Что же касается Питера Блада (тогде ещё не капитана, а просто беглого политкаторжанина), то он, захватив "Синко Льягас" и объявив себя его капитаном, меняет название корабля на "Арабелла" - в честь своей возлюбленной Арабеллы Бишоп. И под этим названием корабль в дальнейшем и фигурирует в романе, пока не исчезает в пучине Карибского моря. Здесь уже никуда не деться от вопроса о самом Питере Бладе: для чего Сабатини заставляет своего героя совершить данный поступок, какую черту в характере Блада он хочет этим подчеркнуть? Предположений тут два. Первое - Блад, прекрасно понимающий, что путь у него теперь остаётся только один - в пираты, понимающий, что данное ремесло плохо совмещается с его религиозными убеждениями (а Блад, согласно книге, - католик и неоднократно об этом говорит), боится скощунствовать и сознательно отказывается от того лицемерия, которое не составляет нравственной проблемы для дона Диего. Второе - Блад просто равнодушен к религиозным вопросам, и любовь к Арабелле для него куда важнее, чем собственная принадлежность к католичеству. Какая же из этих трактовок лучше отражает его мотивацию?

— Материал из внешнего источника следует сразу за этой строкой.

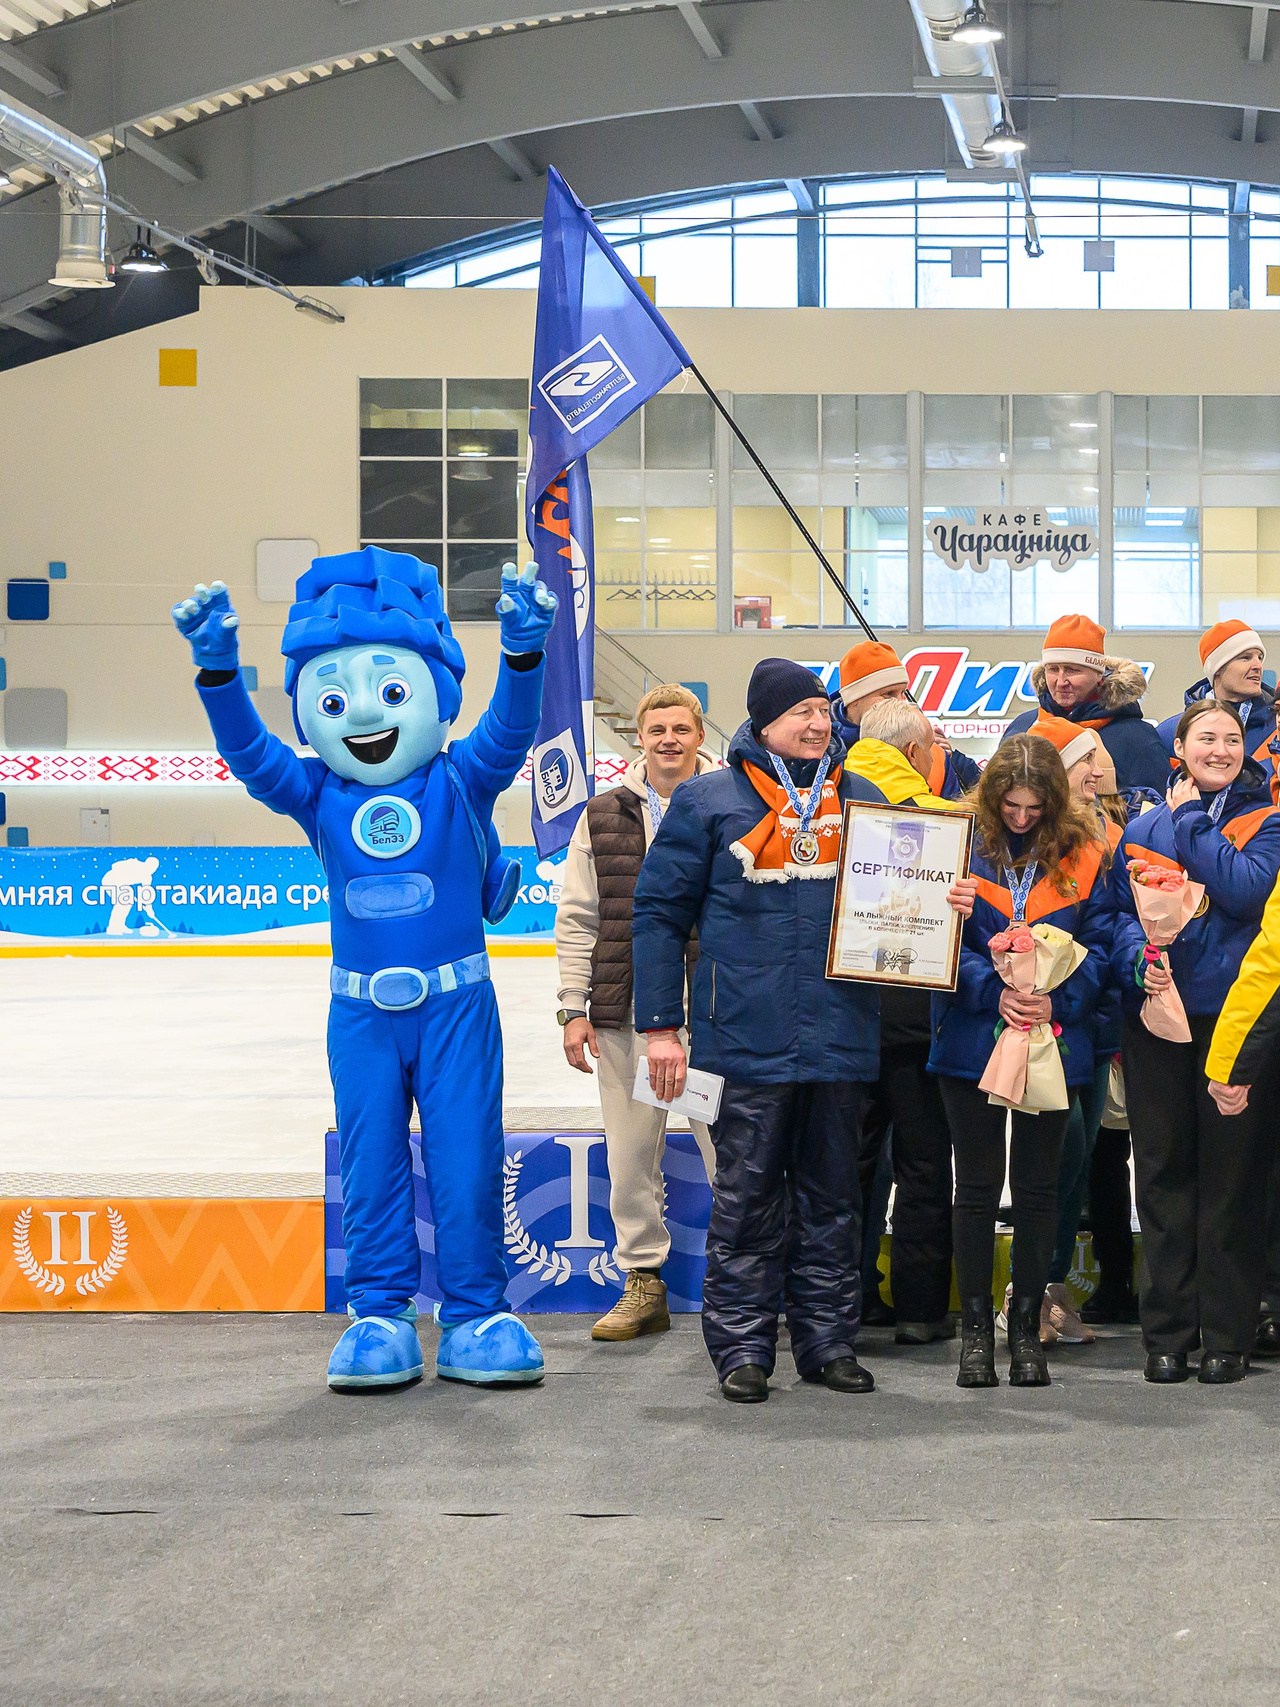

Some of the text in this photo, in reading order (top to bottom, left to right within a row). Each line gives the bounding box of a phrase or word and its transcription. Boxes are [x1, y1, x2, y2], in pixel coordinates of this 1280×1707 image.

[983, 513, 1041, 526] КАФЕ
[933, 525, 1091, 565] Чараўніца
[541, 770, 556, 802] БИСП
[372, 835, 405, 845] БелЭЗ
[851, 861, 955, 884] СЕРТИФИКАТ
[82, 884, 278, 911] спартакиада
[853, 910, 865, 918] НА
[904, 916, 944, 926] КОМПЛЕКТ
[43, 1211, 97, 1265] II
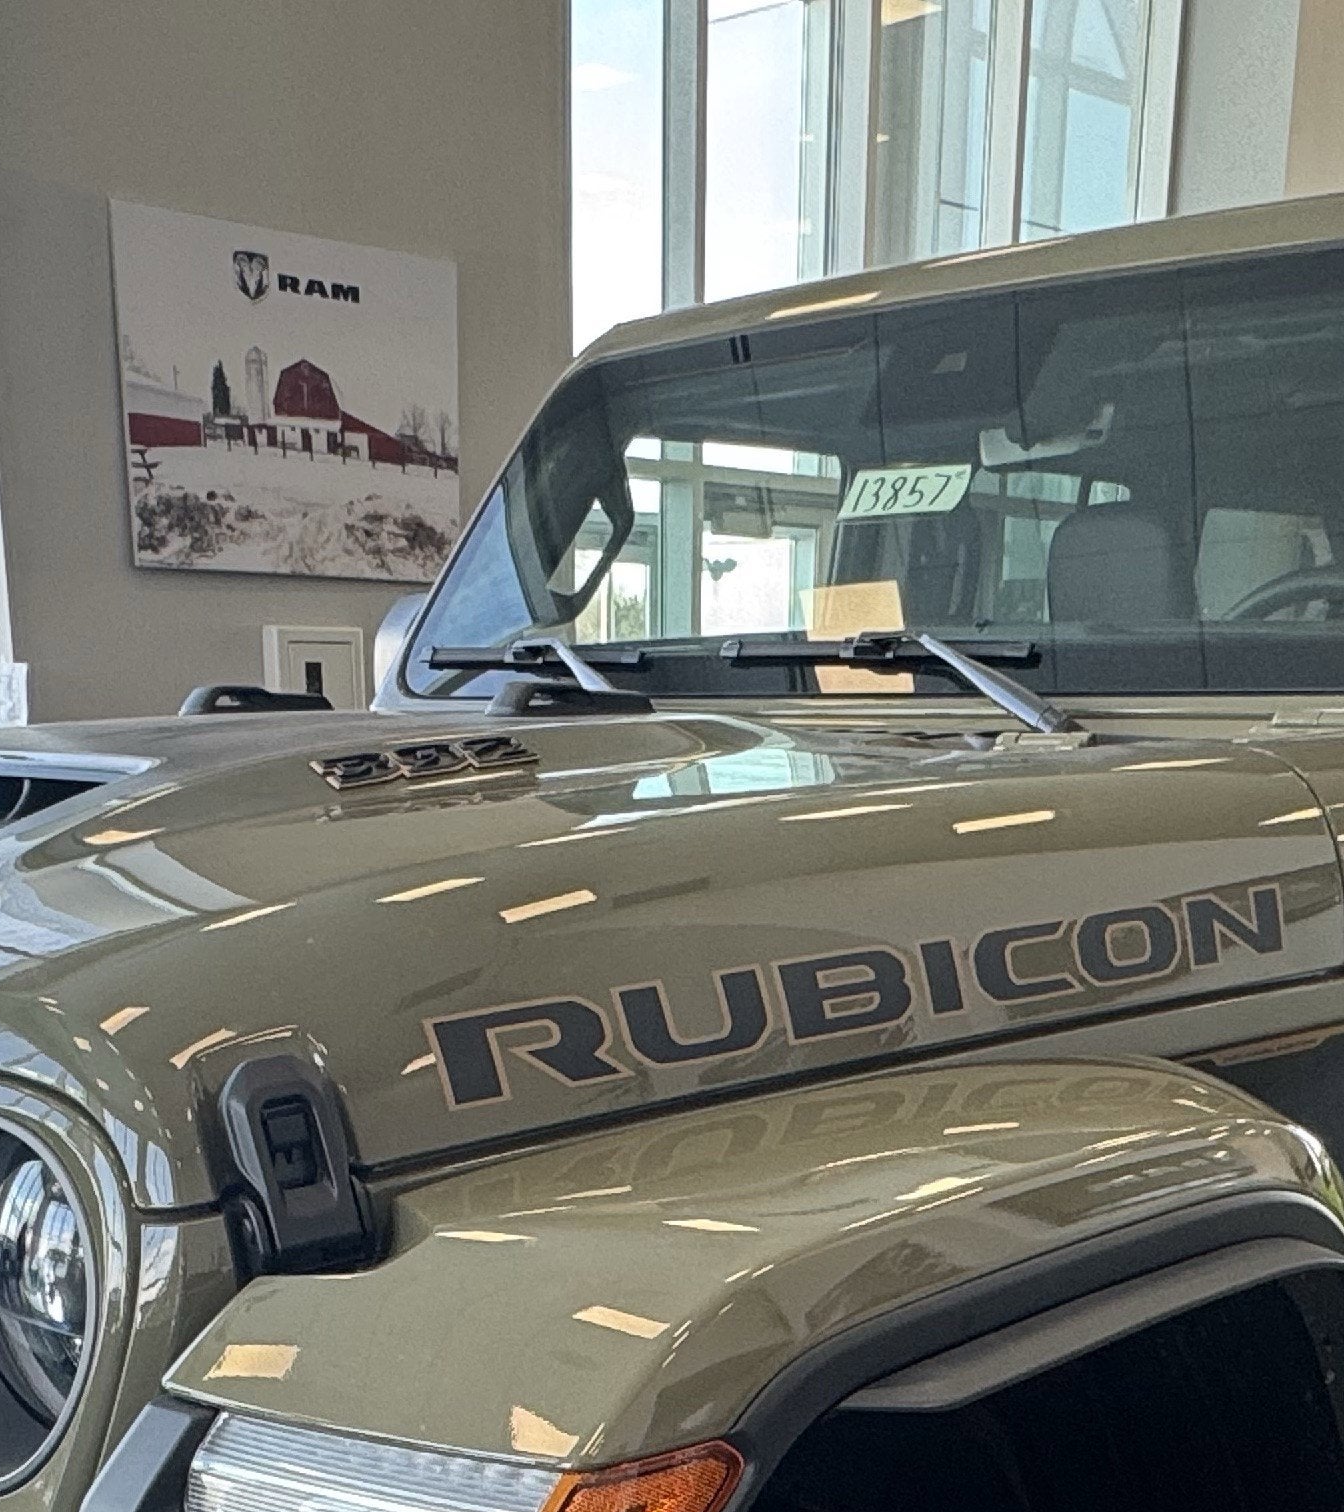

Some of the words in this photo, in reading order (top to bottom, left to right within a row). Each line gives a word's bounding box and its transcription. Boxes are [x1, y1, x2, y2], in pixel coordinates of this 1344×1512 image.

[276, 272, 361, 304] RAM
[852, 473, 953, 513] 13857
[422, 886, 1285, 1111] RUBICON

Капитан Блад и его возлюбленная Арабелла
Увы, сам Сабатини не оставляет шансов для более благородного варианта мотивации своего героя. Он прямым текстом пишет в своей книге, что Блад, "когда ему было нужно, всегда вспоминал, что он католик". Ключевые слова - "когда ему было нужно". На корабле Блада нет священника (да и странным было бы наличие священника на пиратской посудине). Более того: захватывая испанские города, чтобы содрать с них выкуп, Блад напрочь игнорирует факт наличия в этих городах храмов. Ни разу, даже для проформы, он не заворачивает в католический храм на богослужение. Принадлежность его к Католической Церкви для Блада - лишь фактор самоидентификации, но не более. Он типичный человек Нового Времени, по инерции продолжающий считать себя христианином, но в душе давным-давно ни во что не верящий. Так что любовь к женщине для Блада действительно значит куда больше, чем вероисповедание, что и отражается в смене названия корабля. Он ещё способен, как благовоспитанный человек, воздать должное уважение даме (это выгодно отличает его не только от большинства пиратов, но и от его противников - испанских колонизаторов), но воздать должное почитание Богу - уже не способен. И сколько бы Сабатини ни пытался слепить из своего героя образ благородного рыцаря, по крайней мере, в отношении личной религиозности Блад недалеко ушёл от дона Диего. И то, что Блад при этом - положительный герой, надо сказать, очень тревожный сигнал для всей западноевропейской культуры.
Такие вот мысли родились из одного только случайно встреченного в песне испанского слова.